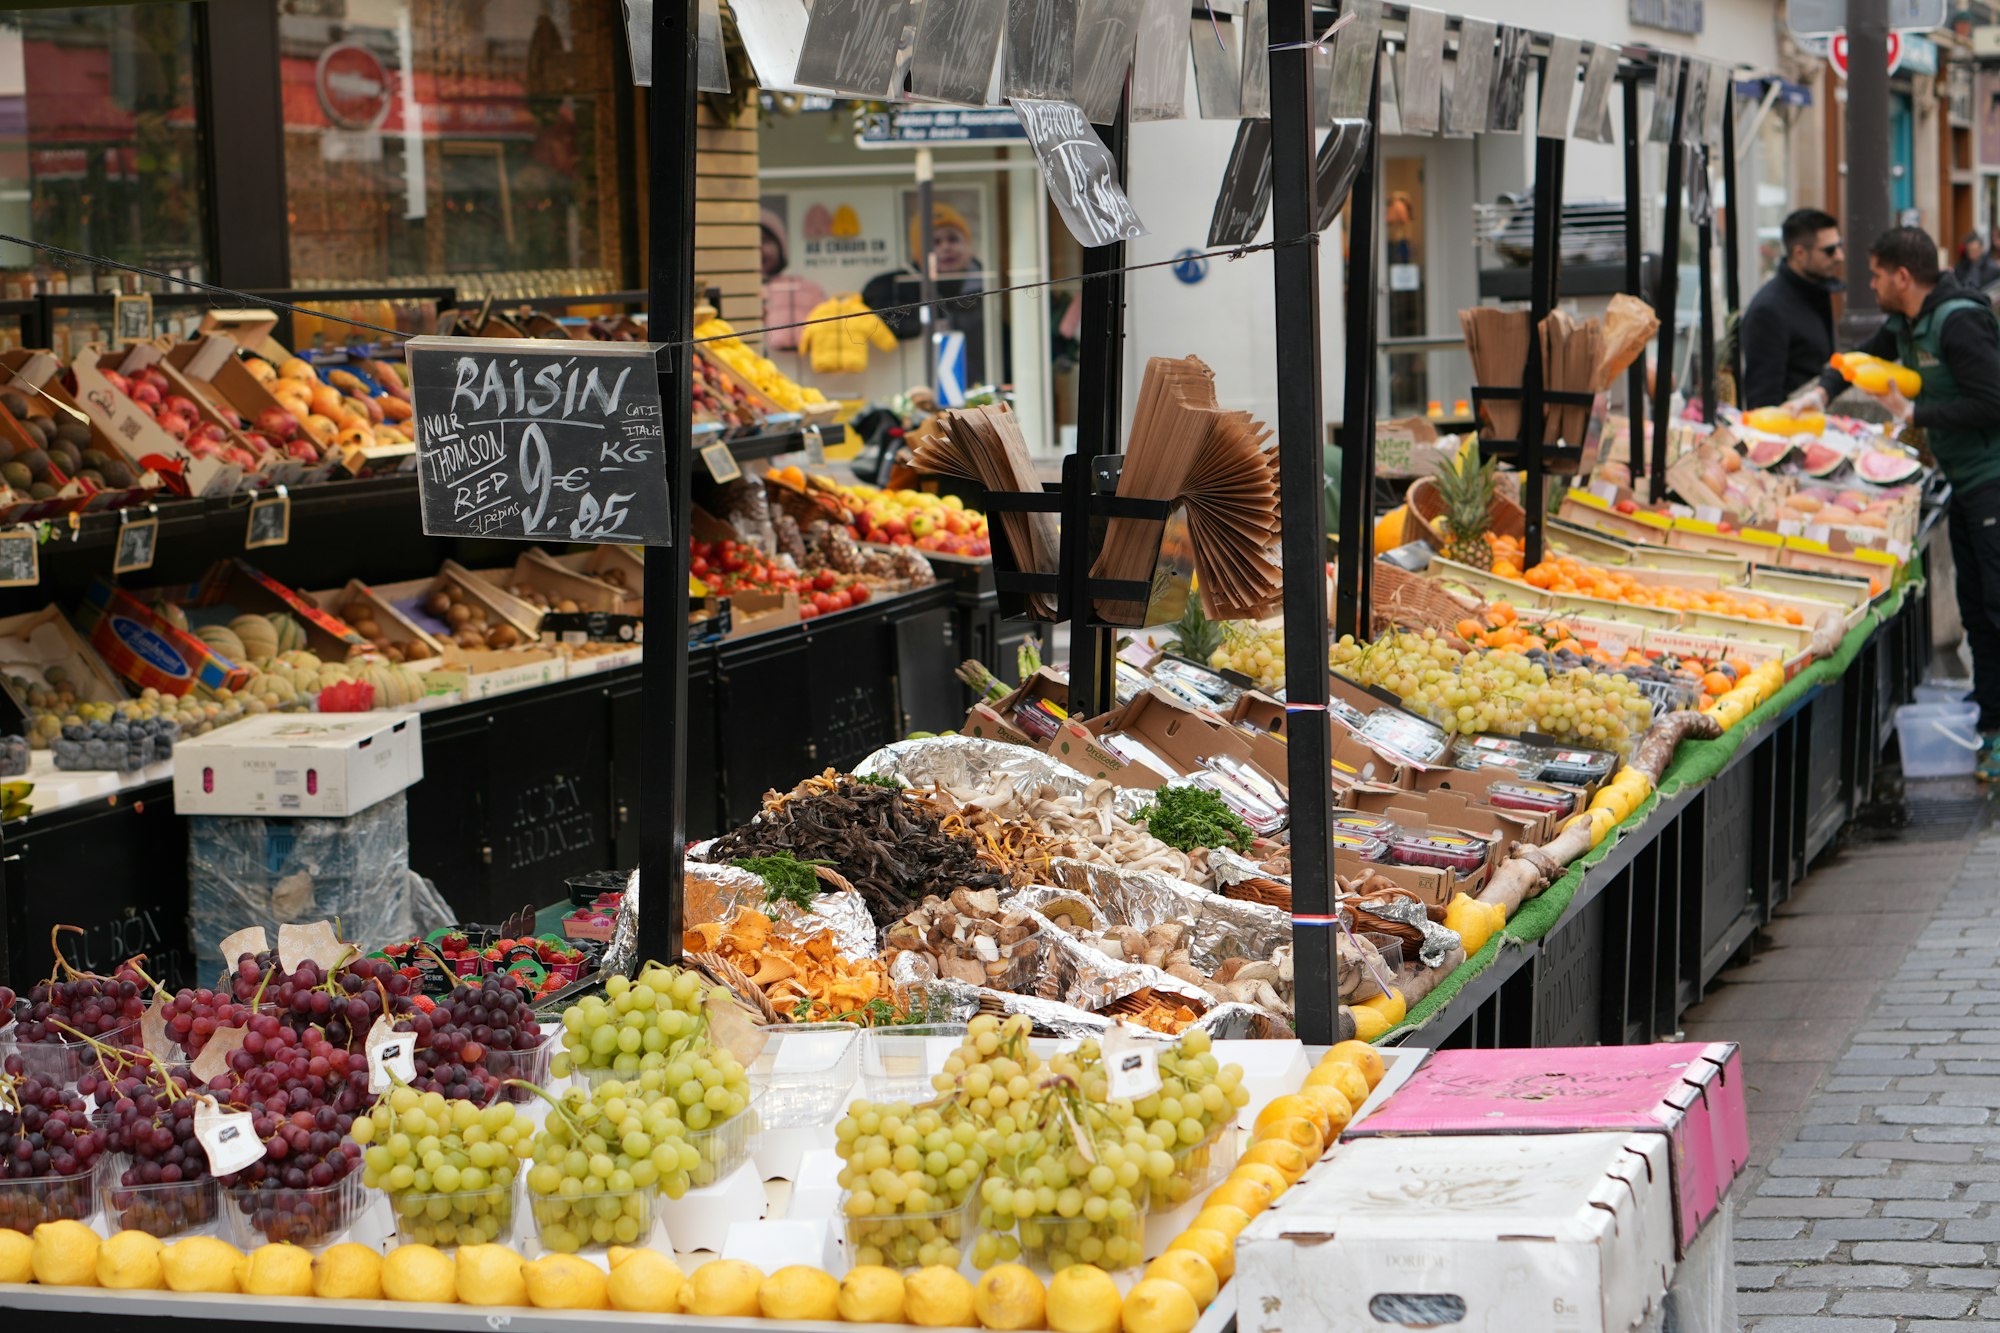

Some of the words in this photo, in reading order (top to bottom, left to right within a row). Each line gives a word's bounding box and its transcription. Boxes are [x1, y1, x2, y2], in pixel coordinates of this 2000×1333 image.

[424, 412, 465, 446] NOIR
[422, 422, 506, 484] THOMSON
[600, 441, 653, 464] KG
[454, 472, 508, 515] RED
[1386, 1254, 1446, 1269] DORIUM
***
Problem to work on: Although the records above include pictures, the copy must contain only their exact text.

Reply:
Some of the words in this photo, in reading order (top to bottom, left to right within a row). Each line gives a word's bounding box and its transcription. Boxes are [x1, y1, x2, y2], in pixel coordinates of this 2000×1333 image.

[424, 412, 465, 446] NOIR
[422, 422, 506, 484] THOMSON
[600, 441, 653, 464] KG
[454, 472, 508, 515] RED
[1386, 1254, 1446, 1269] DORIUM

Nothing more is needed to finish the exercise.